Data items:

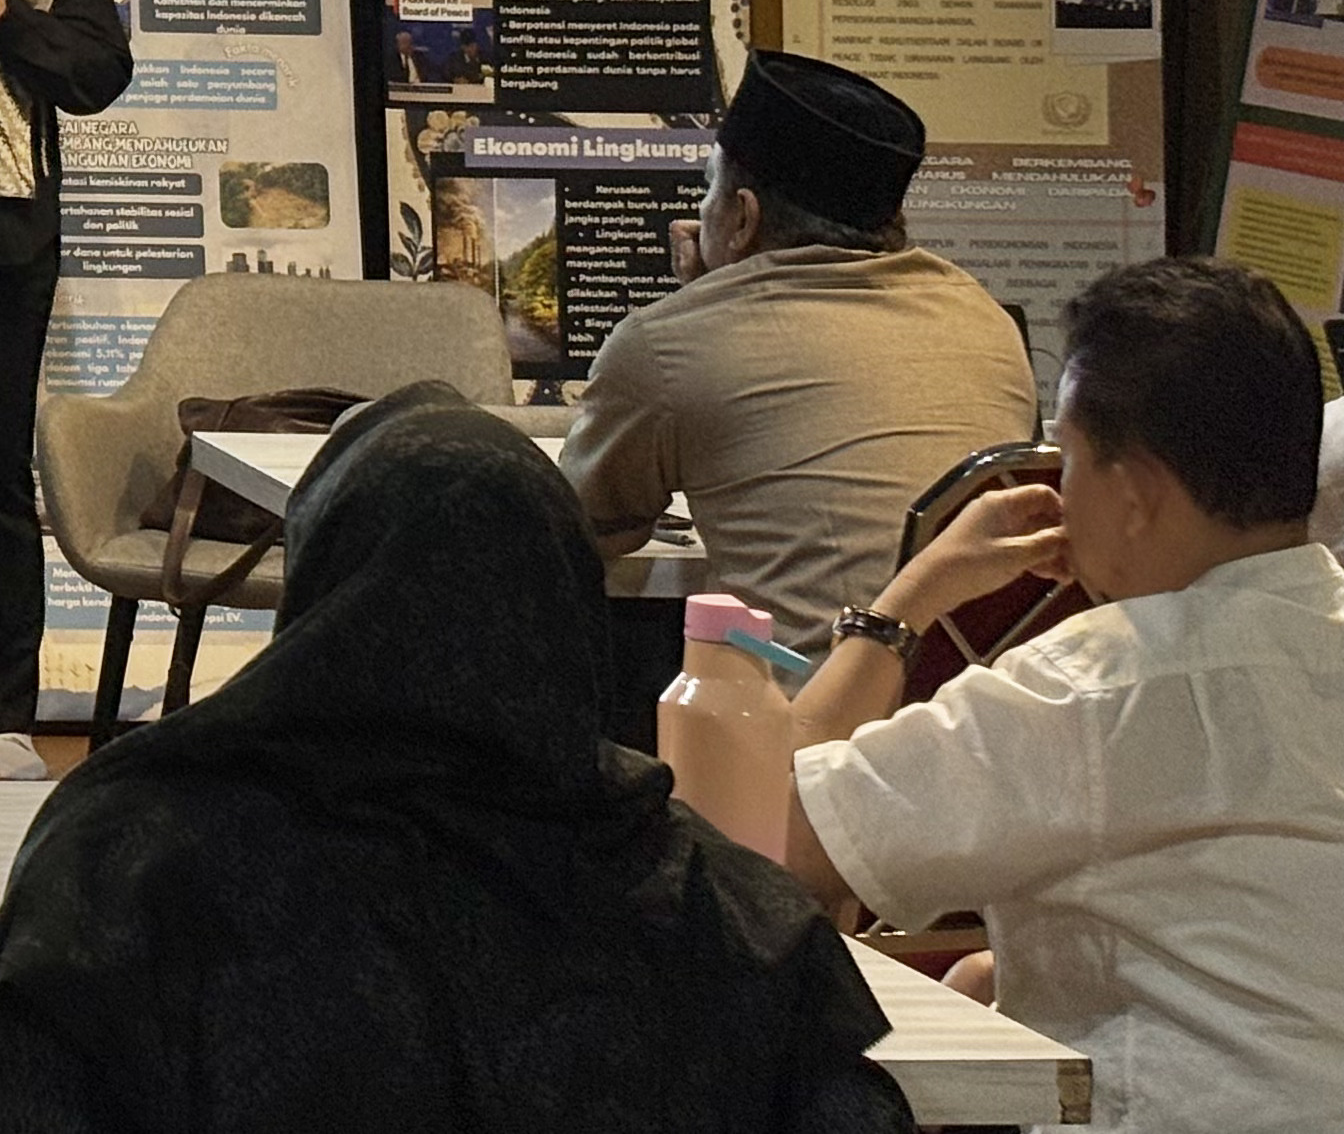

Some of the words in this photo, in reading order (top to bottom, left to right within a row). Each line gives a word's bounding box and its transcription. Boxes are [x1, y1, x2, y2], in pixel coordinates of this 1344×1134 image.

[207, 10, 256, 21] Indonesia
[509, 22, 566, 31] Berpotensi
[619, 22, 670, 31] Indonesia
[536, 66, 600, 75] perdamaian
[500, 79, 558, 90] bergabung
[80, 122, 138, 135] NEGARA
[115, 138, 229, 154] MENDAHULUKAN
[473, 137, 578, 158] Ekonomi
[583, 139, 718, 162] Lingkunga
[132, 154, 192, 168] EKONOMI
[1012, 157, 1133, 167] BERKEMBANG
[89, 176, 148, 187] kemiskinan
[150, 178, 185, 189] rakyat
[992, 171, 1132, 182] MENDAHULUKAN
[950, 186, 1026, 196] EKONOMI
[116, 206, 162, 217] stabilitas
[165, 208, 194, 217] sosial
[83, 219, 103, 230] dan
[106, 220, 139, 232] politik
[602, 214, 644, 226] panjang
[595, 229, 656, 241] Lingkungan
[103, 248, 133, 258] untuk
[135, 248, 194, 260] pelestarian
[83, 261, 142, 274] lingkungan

WHAT THE TASK REQUIRES: In transcribing the lines above, omit the images and keep all else exact.

REPLY TO THE TASK:
Some of the words in this photo, in reading order (top to bottom, left to right within a row). Each line gives a word's bounding box and its transcription. Boxes are [x1, y1, x2, y2], in pixel coordinates of this 1344×1134 image.

[207, 10, 256, 21] Indonesia
[509, 22, 566, 31] Berpotensi
[619, 22, 670, 31] Indonesia
[536, 66, 600, 75] perdamaian
[500, 79, 558, 90] bergabung
[80, 122, 138, 135] NEGARA
[115, 138, 229, 154] MENDAHULUKAN
[473, 137, 578, 158] Ekonomi
[583, 139, 718, 162] Lingkunga
[132, 154, 192, 168] EKONOMI
[1012, 157, 1133, 167] BERKEMBANG
[89, 176, 148, 187] kemiskinan
[150, 178, 185, 189] rakyat
[992, 171, 1132, 182] MENDAHULUKAN
[950, 186, 1026, 196] EKONOMI
[116, 206, 162, 217] stabilitas
[165, 208, 194, 217] sosial
[83, 219, 103, 230] dan
[106, 220, 139, 232] politik
[602, 214, 644, 226] panjang
[595, 229, 656, 241] Lingkungan
[103, 248, 133, 258] untuk
[135, 248, 194, 260] pelestarian
[83, 261, 142, 274] lingkungan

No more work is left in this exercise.